> _Saved data entries_:

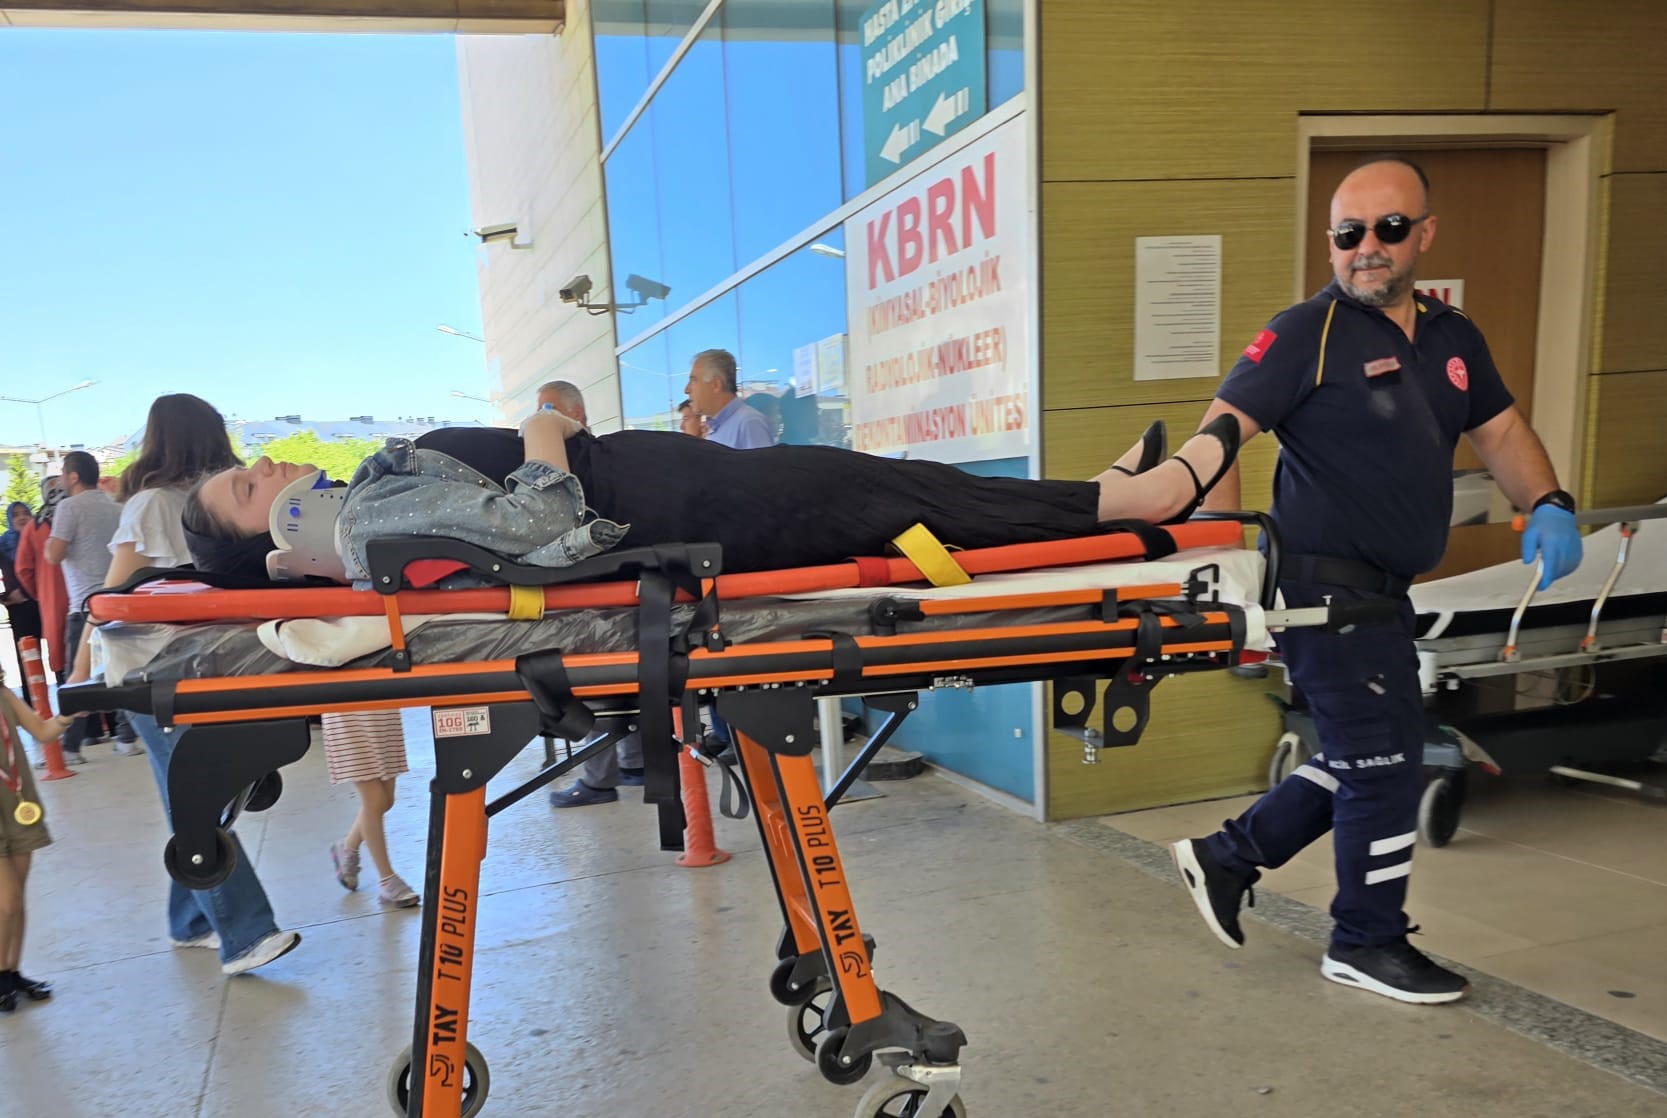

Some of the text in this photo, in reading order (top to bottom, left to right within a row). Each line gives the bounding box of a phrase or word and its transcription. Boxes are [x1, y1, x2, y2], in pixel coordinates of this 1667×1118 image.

[866, 151, 996, 291] KBRN
[798, 804, 829, 848] PLUS
[441, 885, 468, 938] PLUS
[827, 909, 855, 946] TAY
[432, 1004, 459, 1045] TAY
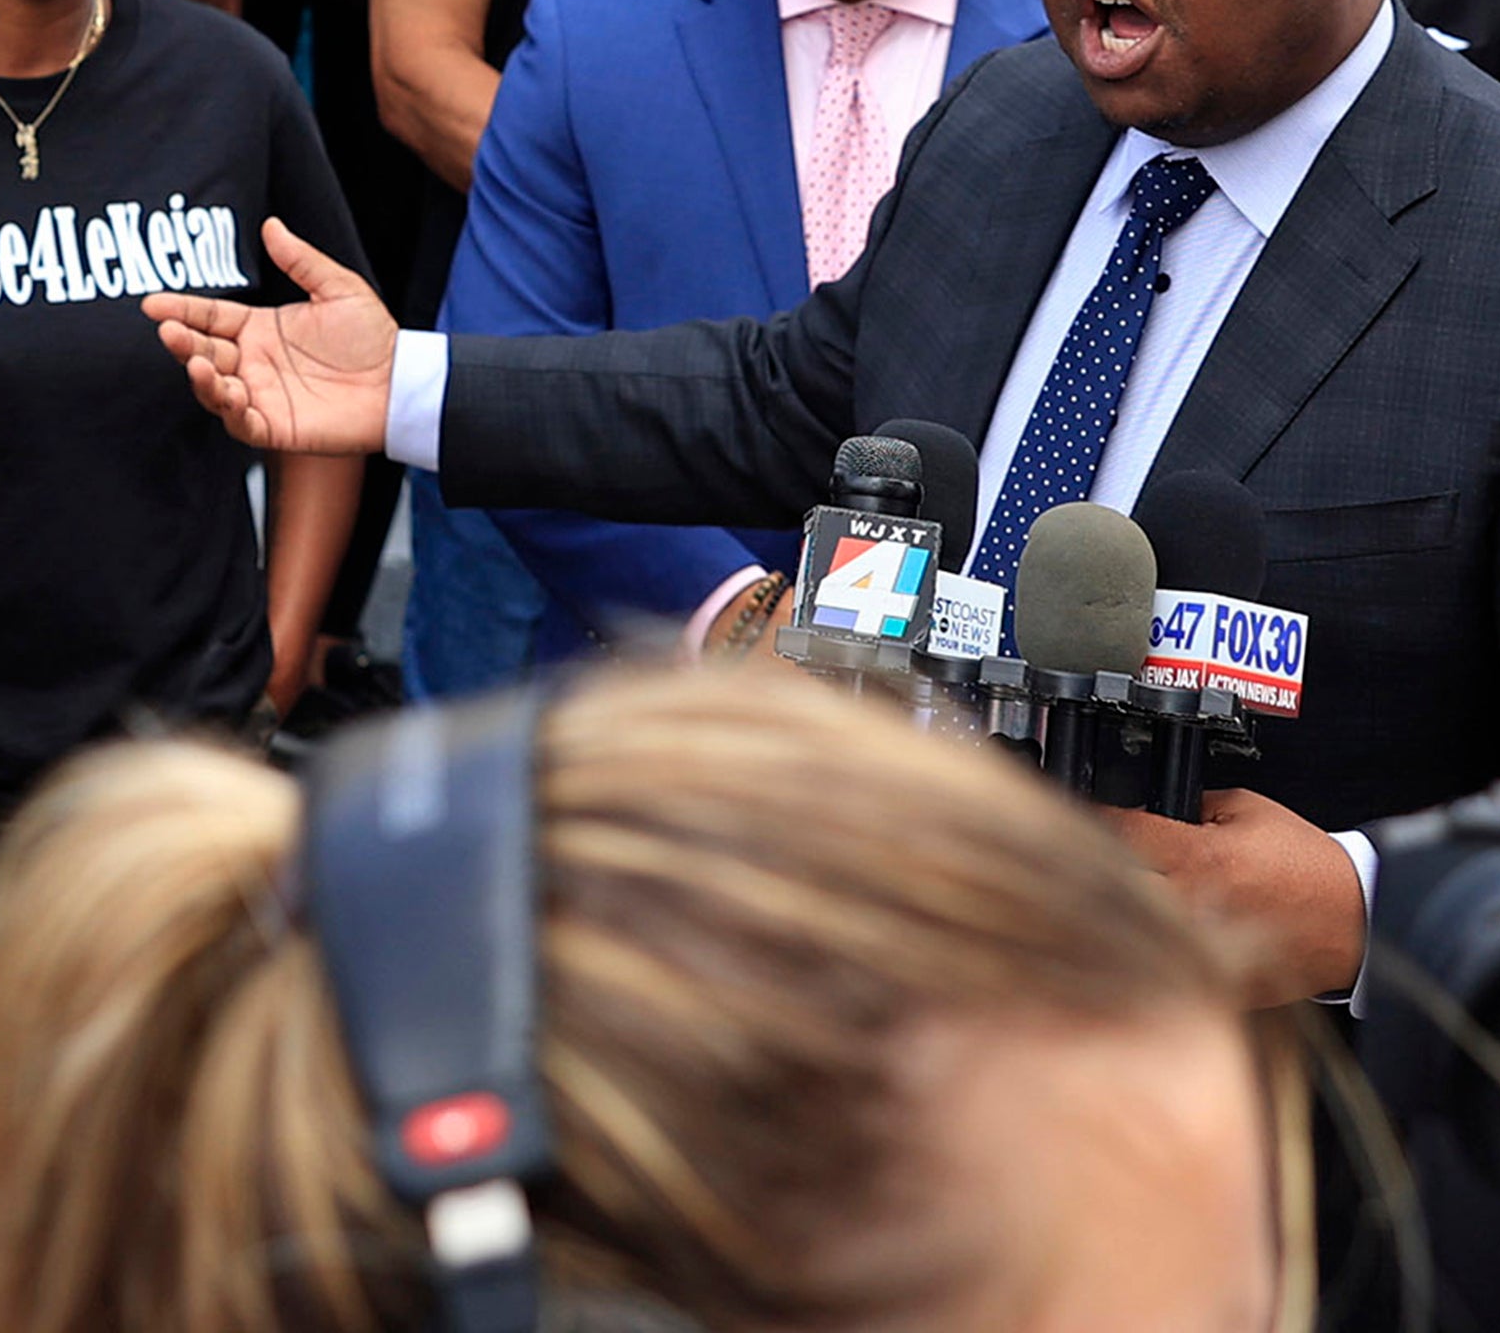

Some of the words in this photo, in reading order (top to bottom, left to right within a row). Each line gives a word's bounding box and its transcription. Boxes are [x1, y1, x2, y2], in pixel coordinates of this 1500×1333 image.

[849, 519, 928, 545] WJXT
[814, 539, 919, 637] 4
[951, 622, 992, 645] NEWS
[1164, 602, 1206, 650] 47
[935, 638, 959, 651] YOUR
[1173, 668, 1200, 689] JAX
[1207, 673, 1246, 700] ACTION
[1245, 681, 1278, 706] NEWS
[1276, 687, 1298, 710] JAX

> _Exercise prompt_: The job here is to write out the records exactly, pictures excluded.

> _Written reply_:
Some of the text in this photo, in reading order (top to bottom, left to right within a row). Each line gives the bounding box of a phrase or word and its transcription. Boxes are [x1, y1, x2, y2], in pixel coordinates of this 1667×1118 image.

[866, 151, 996, 291] KBRN
[798, 804, 829, 848] PLUS
[441, 885, 468, 938] PLUS
[827, 909, 855, 946] TAY
[432, 1004, 459, 1045] TAY

Some of the words in this photo, in reading order (top to bottom, left to right within a row). Each line gives a word's bounding box and its transcription. Boxes are [x1, y1, x2, y2], in pixel coordinates of this 1500×1333 image.

[849, 519, 928, 545] WJXT
[814, 539, 919, 637] 4
[951, 622, 992, 645] NEWS
[1164, 602, 1206, 650] 47
[935, 638, 959, 651] YOUR
[1173, 668, 1200, 689] JAX
[1207, 673, 1246, 700] ACTION
[1245, 681, 1278, 706] NEWS
[1276, 687, 1298, 710] JAX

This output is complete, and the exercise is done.